** Records for the task follows **
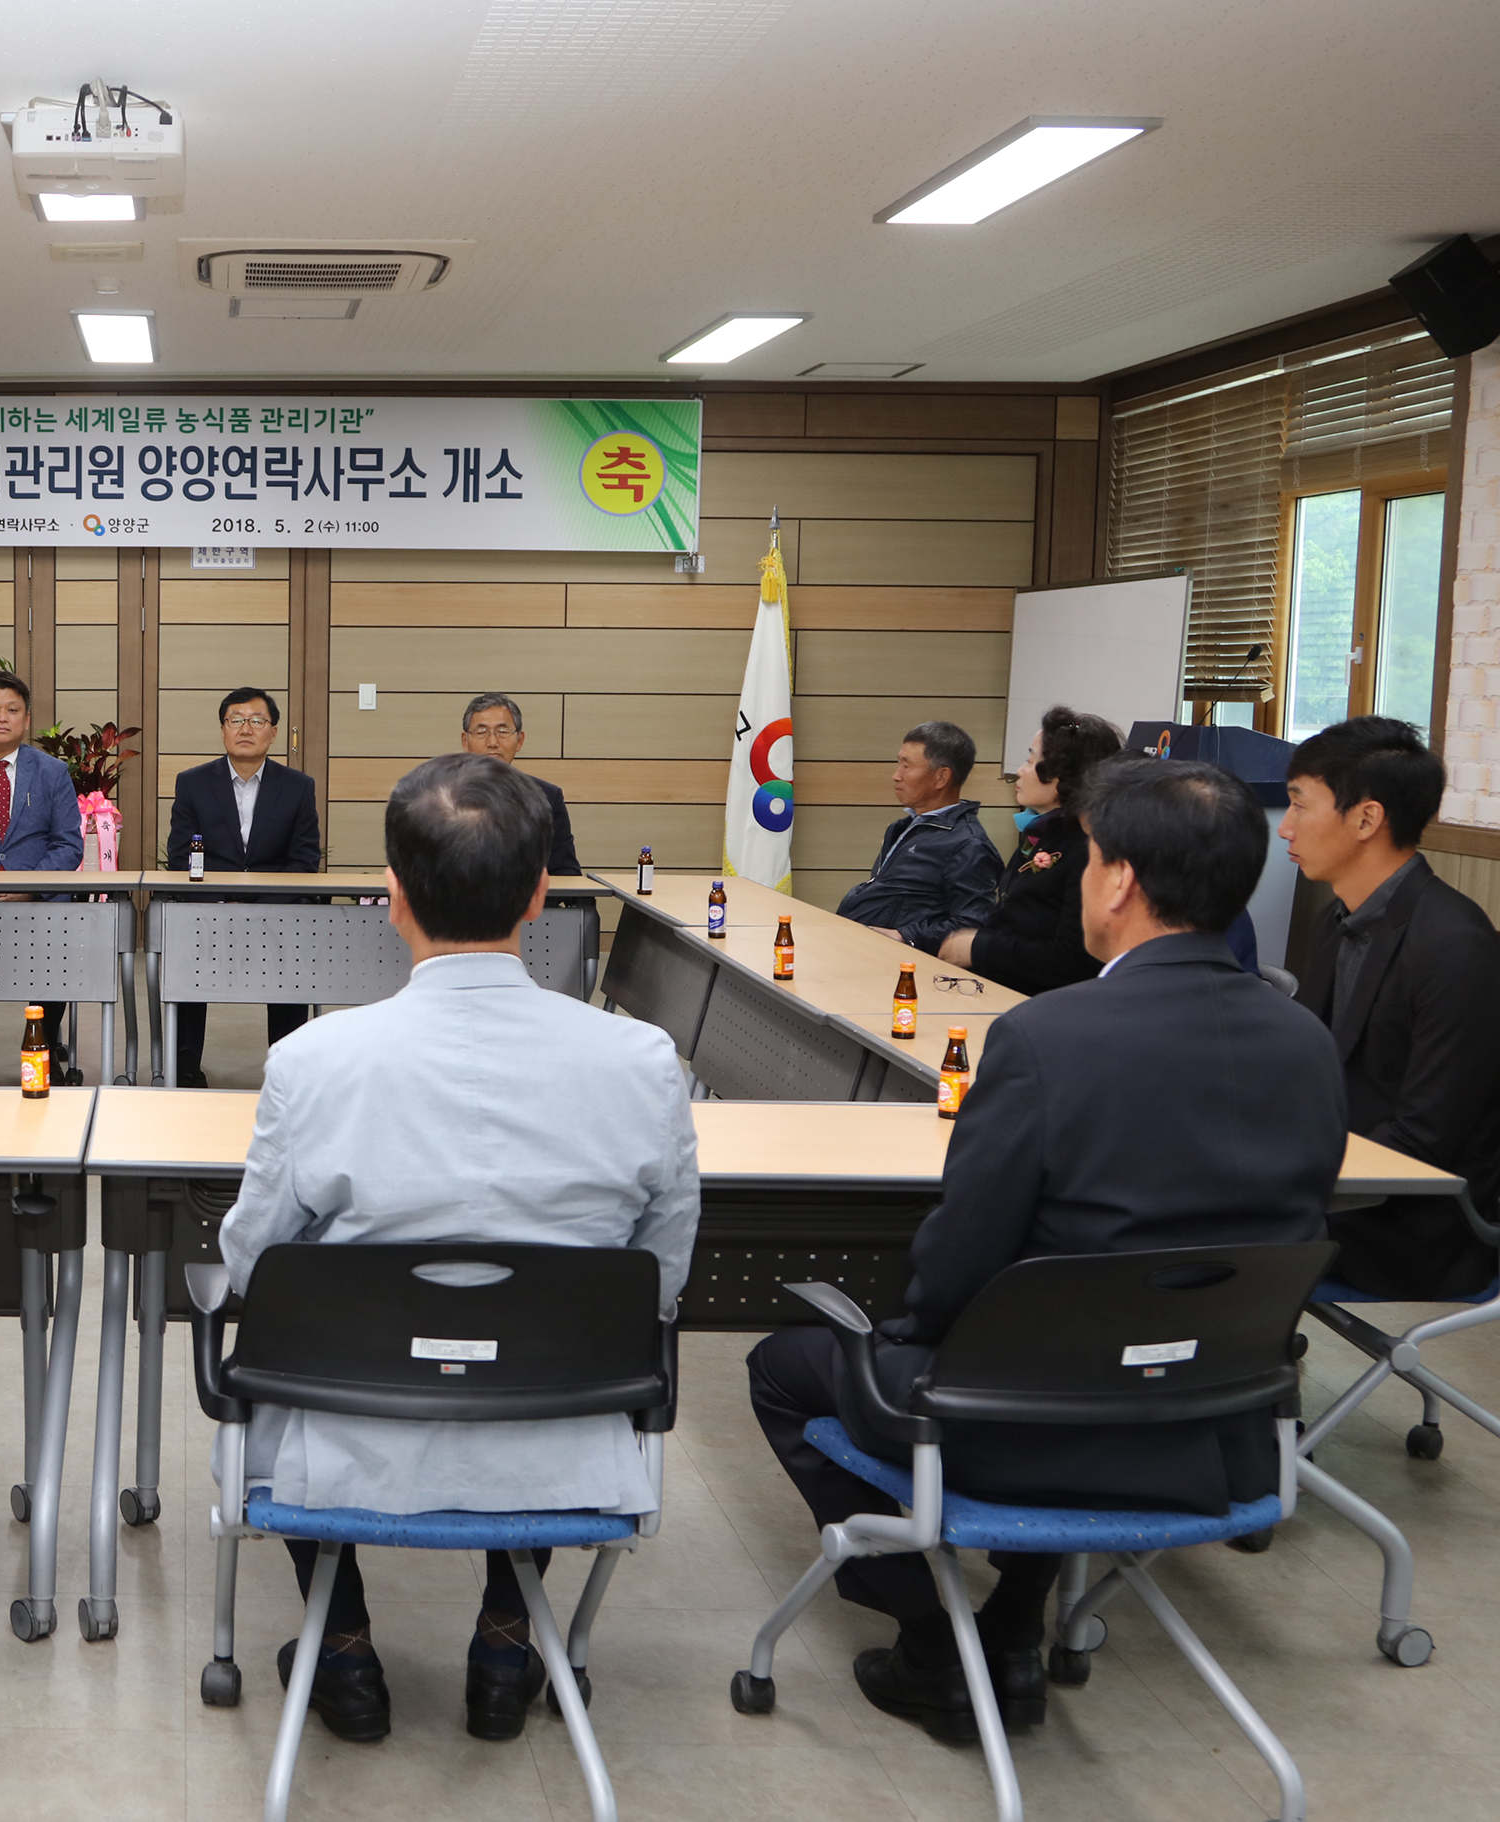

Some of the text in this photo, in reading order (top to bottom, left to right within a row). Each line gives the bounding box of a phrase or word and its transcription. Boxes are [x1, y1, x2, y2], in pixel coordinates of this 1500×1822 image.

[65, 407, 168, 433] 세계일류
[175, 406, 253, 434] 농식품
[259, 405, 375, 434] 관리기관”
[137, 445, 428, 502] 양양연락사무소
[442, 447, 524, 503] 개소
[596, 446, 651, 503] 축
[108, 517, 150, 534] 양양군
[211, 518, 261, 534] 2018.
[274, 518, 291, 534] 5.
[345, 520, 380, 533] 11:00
** End of Records for the task **
**What is required**
Set the entire listing down again, exact in every line, without any pictures.

**Exercise solution**
Some of the text in this photo, in reading order (top to bottom, left to right within a row). Each line gives the bounding box of a phrase or word and its transcription. Boxes are [x1, y1, x2, y2], in pixel coordinates of this 1500×1822 image.

[65, 407, 168, 433] 세계일류
[175, 406, 253, 434] 농식품
[259, 405, 375, 434] 관리기관”
[137, 445, 428, 502] 양양연락사무소
[442, 447, 524, 503] 개소
[596, 446, 651, 503] 축
[108, 517, 150, 534] 양양군
[211, 518, 261, 534] 2018.
[274, 518, 291, 534] 5.
[345, 520, 380, 533] 11:00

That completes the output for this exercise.